YOUR GOAL ▸ In the copy, keep every line below as it is and leave out the pictures.
======== PROVIDED RECORDS
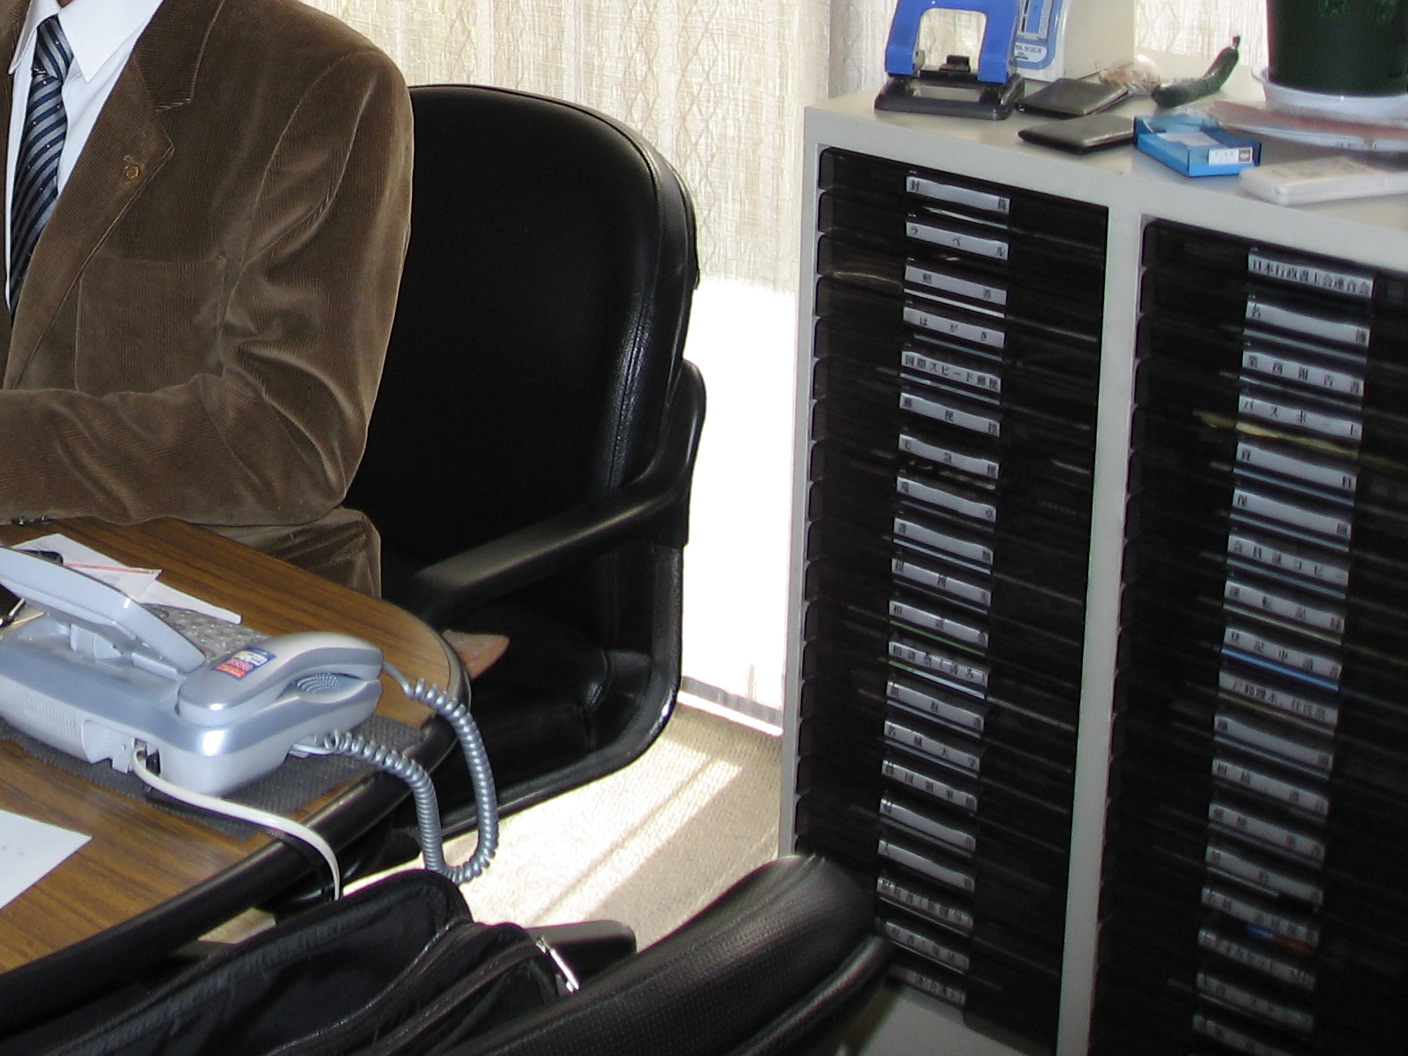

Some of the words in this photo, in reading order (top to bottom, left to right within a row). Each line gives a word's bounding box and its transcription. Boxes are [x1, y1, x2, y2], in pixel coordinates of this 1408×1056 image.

[911, 226, 1005, 257] ラベル
[1252, 259, 1371, 295] 日本行政書士会連合会
[919, 315, 988, 342] はがき
[905, 354, 1000, 391] 国際スピード郵便
[1249, 355, 1360, 394] 業務報告書
[1244, 400, 1354, 436] パスポート
================
ANSWER ▸
Some of the words in this photo, in reading order (top to bottom, left to right within a row). Each line gives a word's bounding box and its transcription. Boxes are [x1, y1, x2, y2], in pixel coordinates of this 1408×1056 image.

[911, 226, 1005, 257] ラベル
[1252, 259, 1371, 295] 日本行政書士会連合会
[919, 315, 988, 342] はがき
[905, 354, 1000, 391] 国際スピード郵便
[1249, 355, 1360, 394] 業務報告書
[1244, 400, 1354, 436] パスポート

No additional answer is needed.